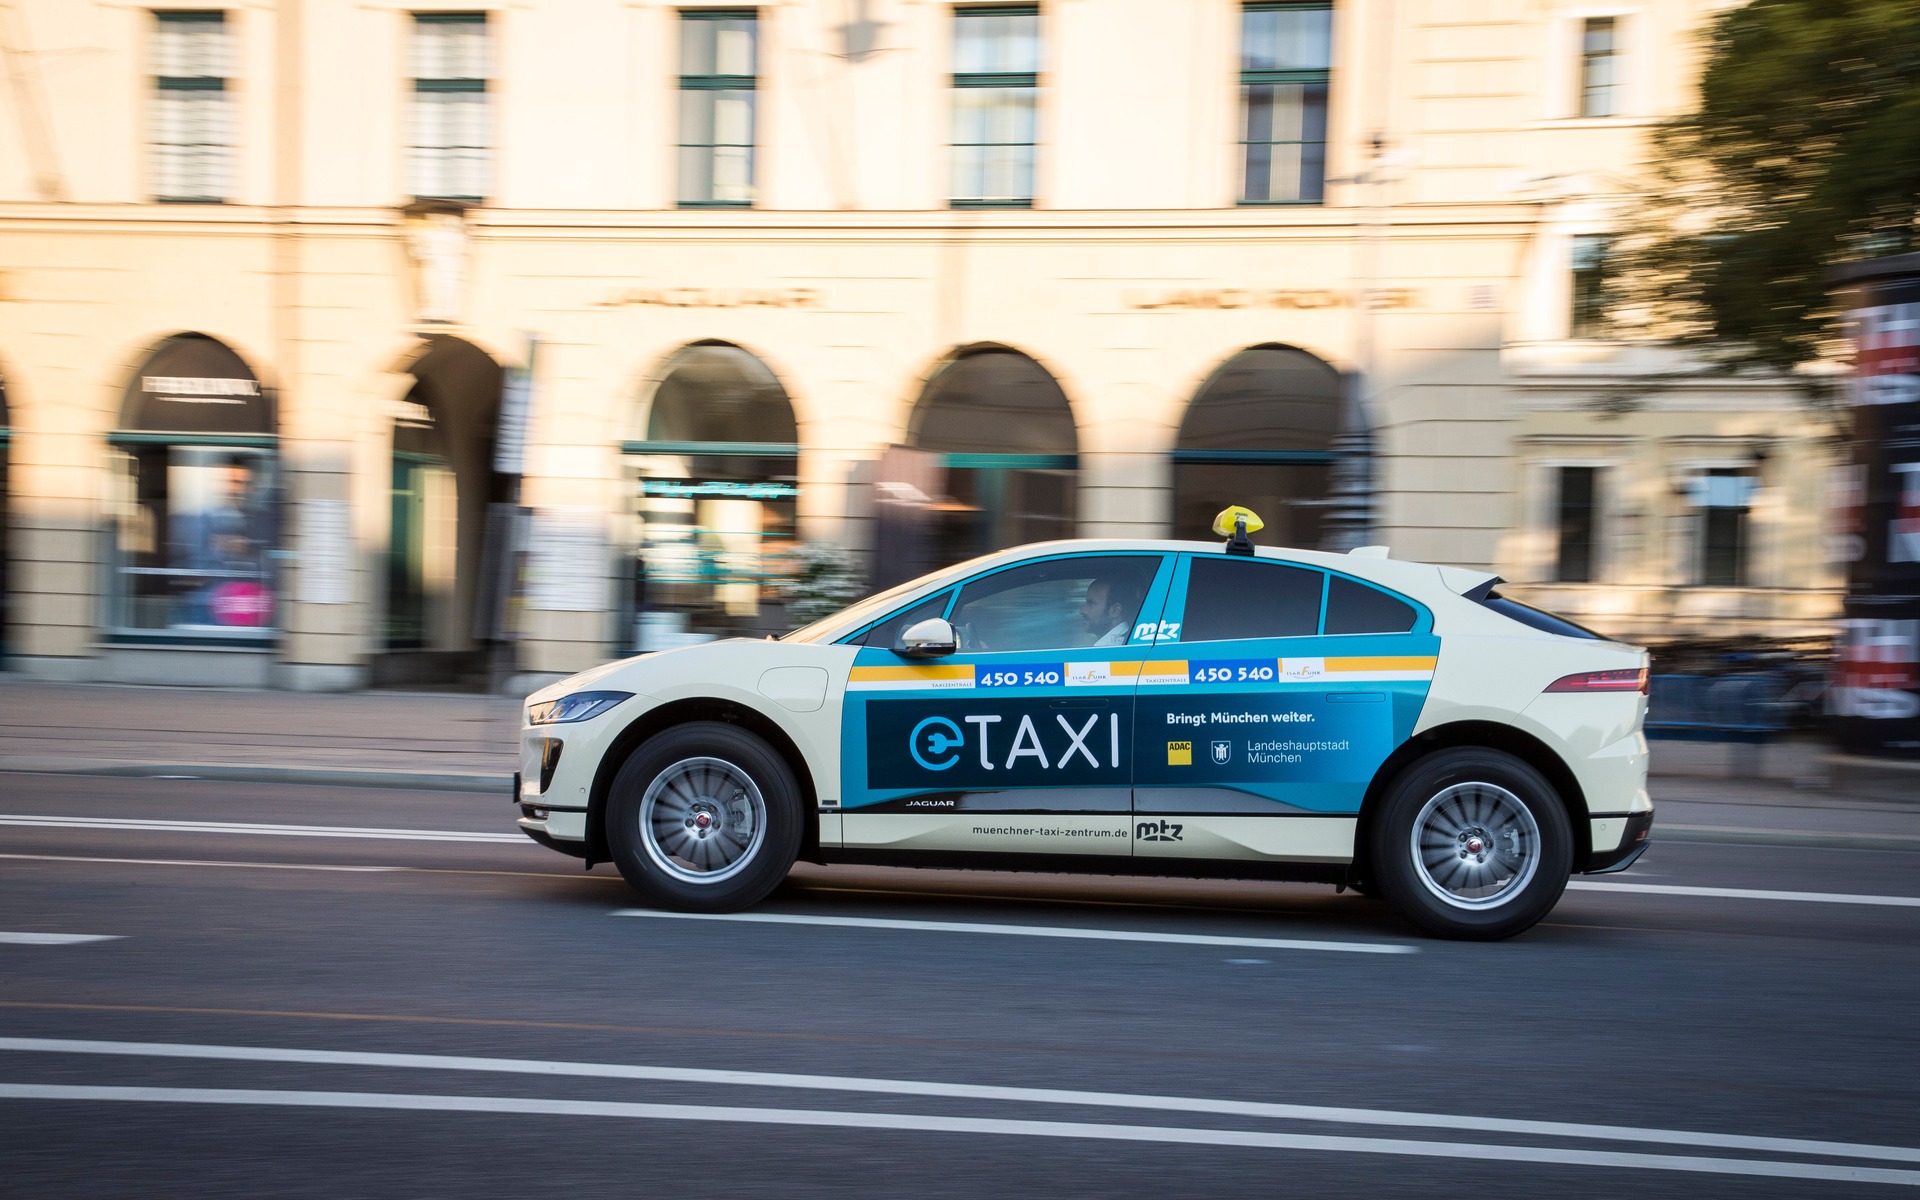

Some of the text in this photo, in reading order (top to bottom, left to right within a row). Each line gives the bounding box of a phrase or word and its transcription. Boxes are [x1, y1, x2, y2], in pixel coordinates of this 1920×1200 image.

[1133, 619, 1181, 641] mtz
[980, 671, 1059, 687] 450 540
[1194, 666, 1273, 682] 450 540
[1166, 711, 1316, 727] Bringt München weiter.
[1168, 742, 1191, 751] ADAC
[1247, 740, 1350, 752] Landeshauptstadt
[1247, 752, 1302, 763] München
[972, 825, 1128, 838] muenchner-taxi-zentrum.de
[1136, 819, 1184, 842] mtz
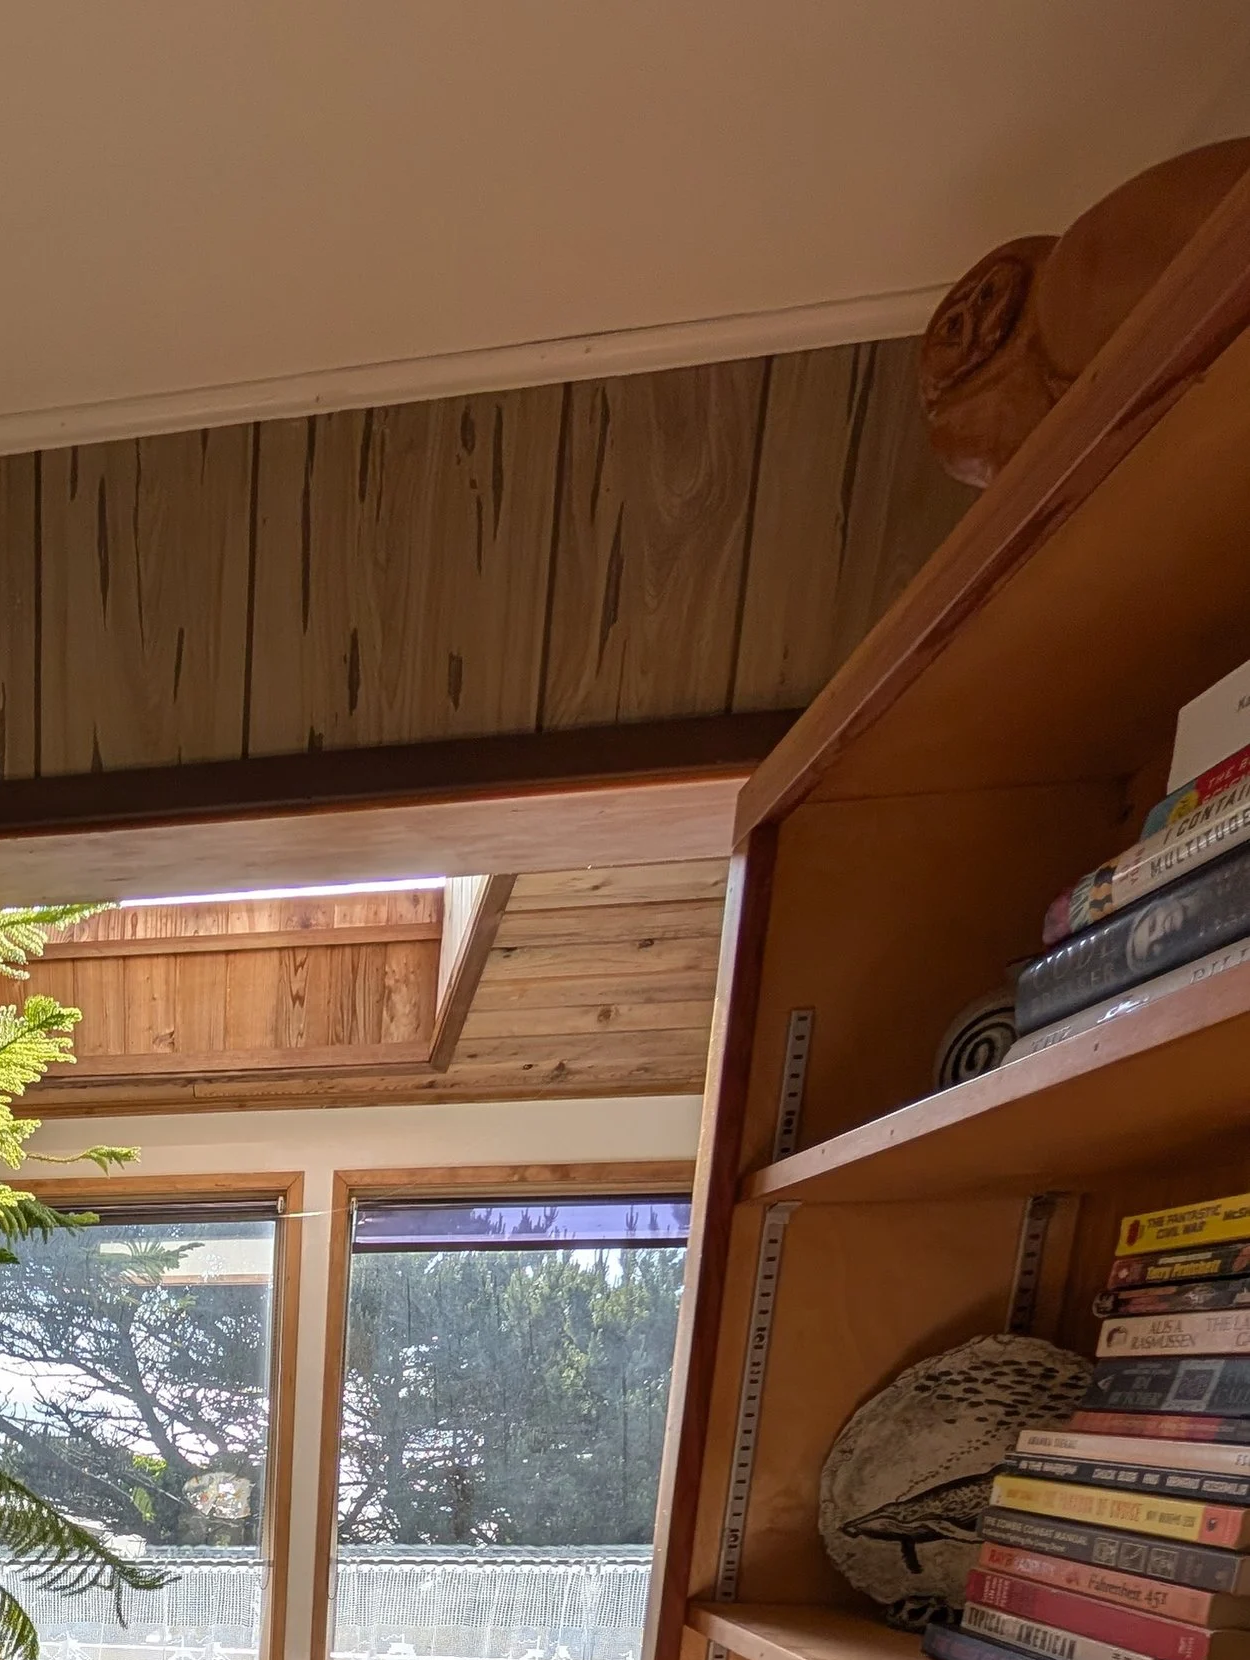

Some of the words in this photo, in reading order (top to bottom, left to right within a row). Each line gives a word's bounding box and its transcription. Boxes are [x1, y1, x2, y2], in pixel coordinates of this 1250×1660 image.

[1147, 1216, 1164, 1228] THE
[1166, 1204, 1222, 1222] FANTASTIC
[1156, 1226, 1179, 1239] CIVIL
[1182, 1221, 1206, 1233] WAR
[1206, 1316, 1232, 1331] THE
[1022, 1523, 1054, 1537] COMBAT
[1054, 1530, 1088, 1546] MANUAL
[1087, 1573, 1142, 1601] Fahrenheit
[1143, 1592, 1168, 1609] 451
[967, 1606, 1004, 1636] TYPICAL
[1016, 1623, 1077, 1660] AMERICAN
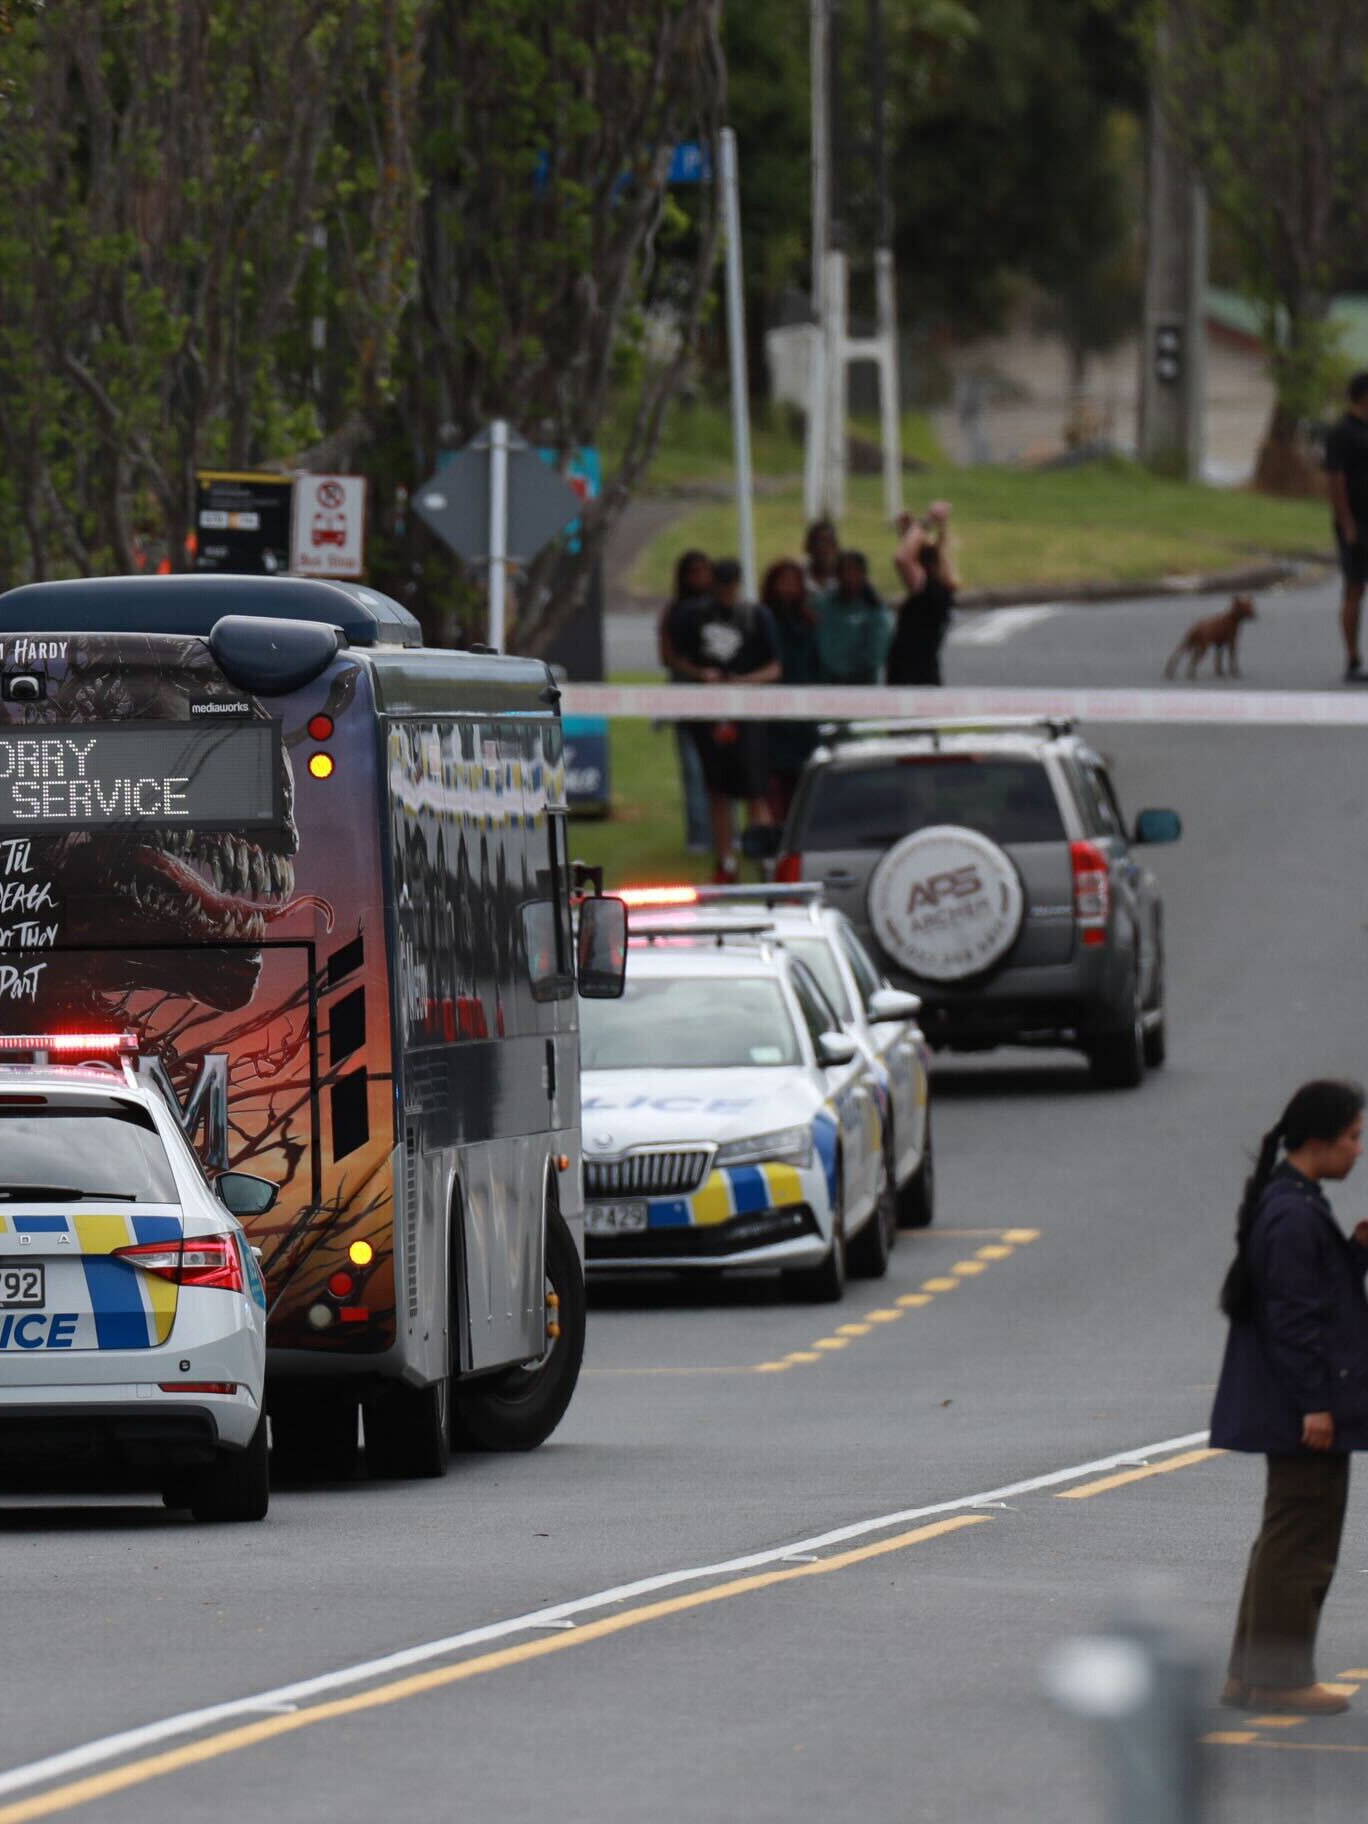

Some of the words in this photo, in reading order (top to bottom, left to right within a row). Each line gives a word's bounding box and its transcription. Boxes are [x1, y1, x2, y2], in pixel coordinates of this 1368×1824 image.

════════

## WORK REQUEST
Would you repeat the material exactly, keeping out any pictures?

## SOLVED PROBLEM
Some of the text in this photo, in reading order (top to bottom, left to right within a row). Each line gives the bounding box of a phrase or word and its transcription. Boxes are [x1, y1, x2, y2], in pixel coordinates of this 1920×1200 image.

[1133, 619, 1181, 641] mtz
[980, 671, 1059, 687] 450 540
[1194, 666, 1273, 682] 450 540
[1166, 711, 1316, 727] Bringt München weiter.
[1168, 742, 1191, 751] ADAC
[1247, 740, 1350, 752] Landeshauptstadt
[1247, 752, 1302, 763] München
[972, 825, 1128, 838] muenchner-taxi-zentrum.de
[1136, 819, 1184, 842] mtz

Some of the words in this photo, in reading order (top to bottom, left to right within a row). Each line gives a word's bounding box and its transcription. Boxes are [x1, y1, x2, y2], in pixel coordinates of this 1250×1660 image.

[1147, 1216, 1164, 1228] THE
[1166, 1204, 1222, 1222] FANTASTIC
[1156, 1226, 1179, 1239] CIVIL
[1182, 1221, 1206, 1233] WAR
[1206, 1316, 1232, 1331] THE
[1022, 1523, 1054, 1537] COMBAT
[1054, 1530, 1088, 1546] MANUAL
[1087, 1573, 1142, 1601] Fahrenheit
[1143, 1592, 1168, 1609] 451
[967, 1606, 1004, 1636] TYPICAL
[1016, 1623, 1077, 1660] AMERICAN

Some of the words in this photo, in reading order (top to bottom, left to right within a row). Each line gives a word's bounding box and its transcription. Boxes are [x1, y1, x2, y2], in pixel coordinates of this 1368×1824 image.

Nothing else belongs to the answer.